I read the article substituting the word software for AI. Apart from removing the annoyance at the use of a word that is patently untrue. The article becomes something we’ve been doing for over a decade in the contact center: optimization, automation, prediction, recommendations and discovery using software tools.

 

Add another UCaaS provider to the list Crexendo

I’m amazed at the number of providers that own their technology. It gives margin to survive. Windstream is an example of a competitor, that also has its own UCaaS solution, that recently added Slack integration.

 

The kiss of life for speaker authentication

Nice article from Aculab (TADSummit sponsor) on use of voice biometrics.

 

Special Report: Behind the X with 8×8

Excellent interview with Bryan Martin, one of the original founders of 8×8, CTO and Chairman, by UCToday. Much better than their CPaaS analysis.

 

Identifying a Be-Your-Own-Carrier (BYOC) Model that Works for Your Business, from Flowroute

This is a trend I see more business adopting, especially larger enterprises that have multiple qualities of voice traffic (customer, sales, internal) and across multiple countries. The BYOC approach enables an additional layer of cost optimization and risk management as enterprises move their voice services of a legacy provider.

 

Cloud Elements Adds SAP, ServiceNow as Strategic Investors

The new investments from SAP and ServiceNow close Cloud Elements’ Series C round. Total capital raised to date is about $51 million.

Congrats to Ross Garrett, CPO at Cloud Elements. He’s been fighting the API fight since his Aepona days over a decade ago – he doesn’t look it, but he has.
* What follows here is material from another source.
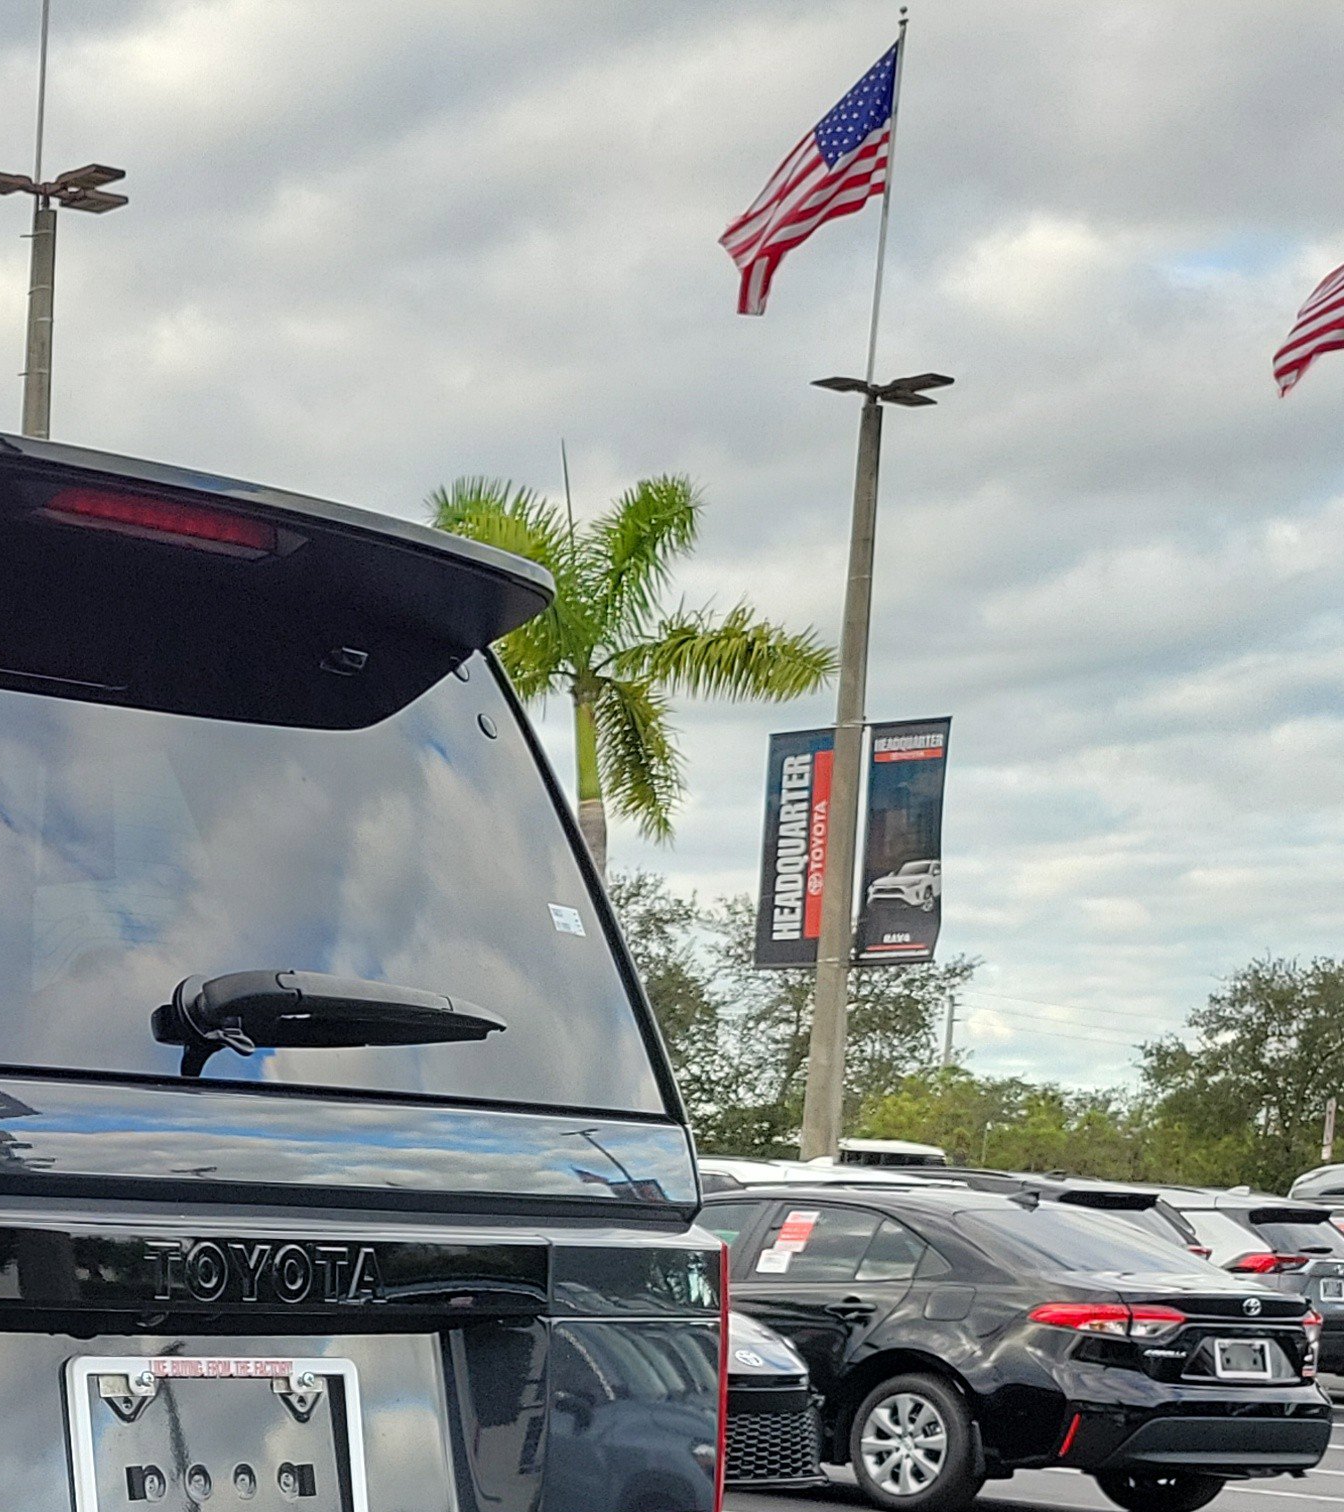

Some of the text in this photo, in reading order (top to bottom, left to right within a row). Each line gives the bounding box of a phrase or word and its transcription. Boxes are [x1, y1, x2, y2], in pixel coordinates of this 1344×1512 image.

[772, 753, 812, 941] HEADQUARTER
[810, 800, 828, 872] TOYOTA
[143, 1240, 388, 1304] TOYOTA
He was a sponsor and presenter at the first TADSummit back in 2013.

 

People, Gossip, and Frivolous Stuff

Congratulations to Simon Tenant on co-founding Berlin Electric, which helps you understand and control your power use.

Congratulations to Ofer Cohen, a regular at TADSummit when he worked for LivePerson, for becoming the Logic and Bigdata group leader at Checkpoint Technologies.

Well done Gokula Krishnan Subramaniam for breaking free from Ericsson and founding Vircle that enables consumers to create communities of controlled cashless commerce with focus on health and well-being.